▶ _BRIEF_:
Could you transcribe all of the data exactly and skip any pictures?

Text-to-region grounding data:
● ● ● ● ● ● ●

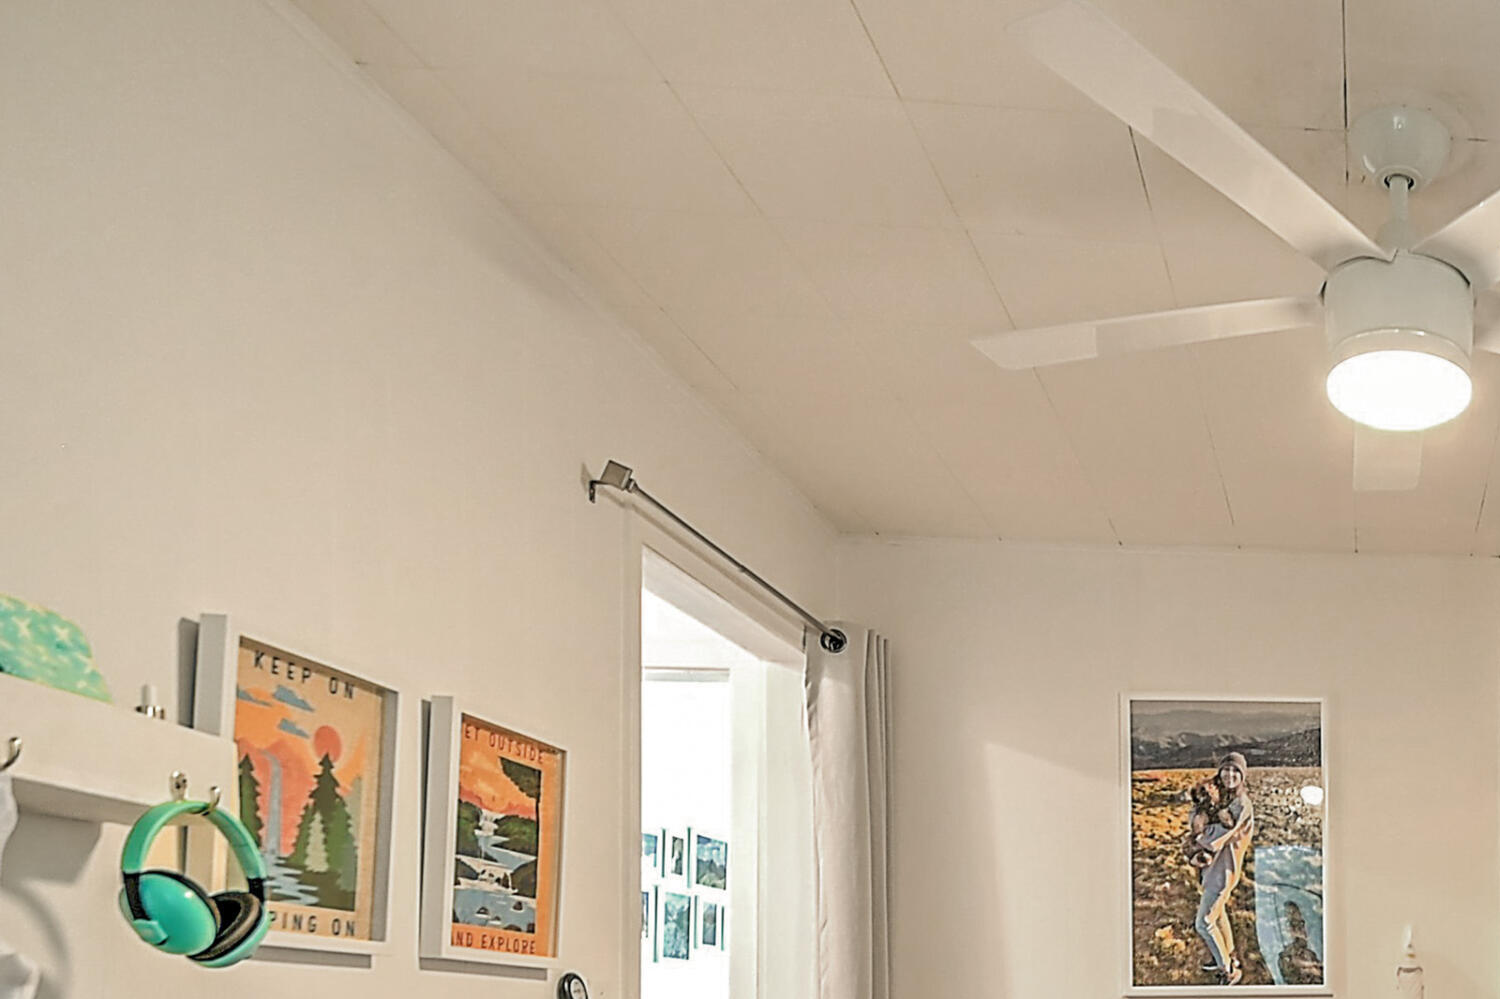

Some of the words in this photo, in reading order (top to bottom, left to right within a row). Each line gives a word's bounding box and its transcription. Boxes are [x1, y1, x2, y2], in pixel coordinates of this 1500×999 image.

[254, 650, 312, 684] KEEP
[329, 677, 355, 699] ON
[489, 732, 545, 764] OUTSIDE
[332, 918, 355, 936] ON
[451, 931, 473, 947] ND
[481, 934, 536, 954] EXPLORE
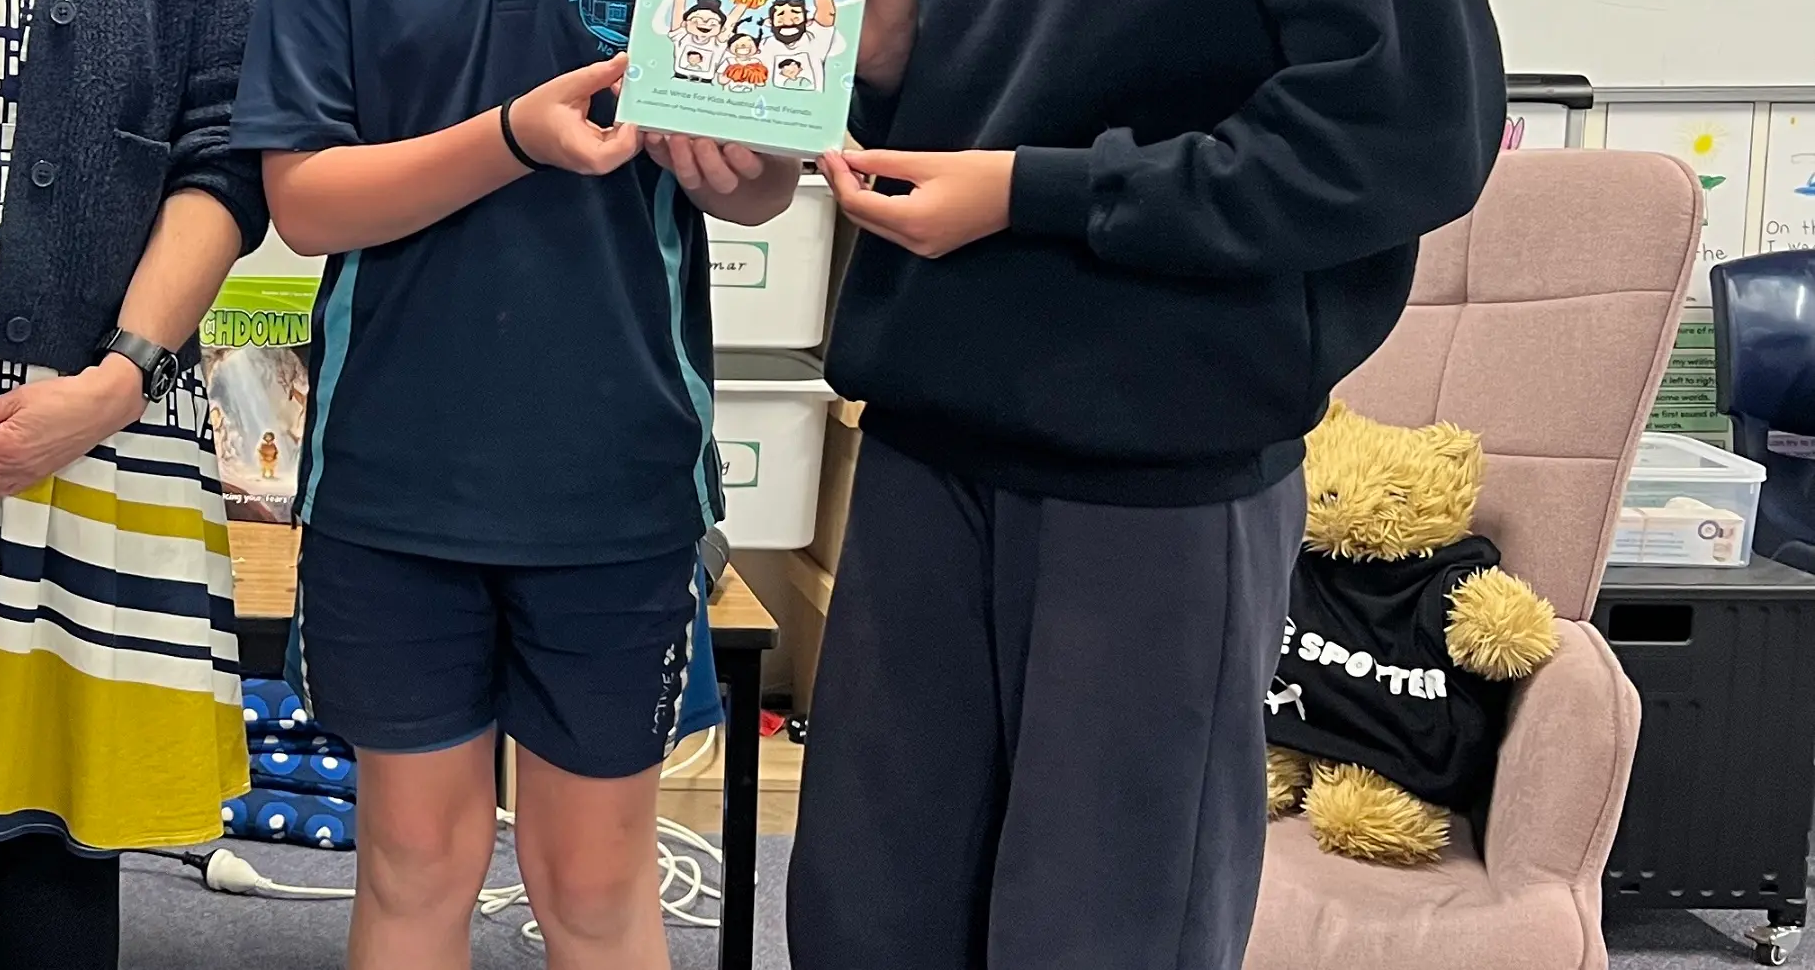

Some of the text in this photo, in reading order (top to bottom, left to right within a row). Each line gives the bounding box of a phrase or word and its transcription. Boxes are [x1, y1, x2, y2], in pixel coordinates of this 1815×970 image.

[1766, 220, 1790, 235] On
[1696, 243, 1727, 261] he
[1298, 632, 1448, 700] SPOTTER

● ● ● ● ● ● ●

▶ _RESPONSE TO THE EXERCISE_:
Some of the words in this photo, in reading order (top to bottom, left to right within a row). Each line gives a word's bounding box and its transcription. Boxes are [x1, y1, x2, y2], in pixel coordinates of this 1500×999 image.

[254, 650, 312, 684] KEEP
[329, 677, 355, 699] ON
[489, 732, 545, 764] OUTSIDE
[332, 918, 355, 936] ON
[451, 931, 473, 947] ND
[481, 934, 536, 954] EXPLORE

Some of the text in this photo, in reading order (top to bottom, left to right within a row). Each line gives the bounding box of a phrase or word and its transcription. Boxes are [x1, y1, x2, y2], in pixel coordinates of this 1815×970 image.

[1766, 220, 1790, 235] On
[1696, 243, 1727, 261] he
[1298, 632, 1448, 700] SPOTTER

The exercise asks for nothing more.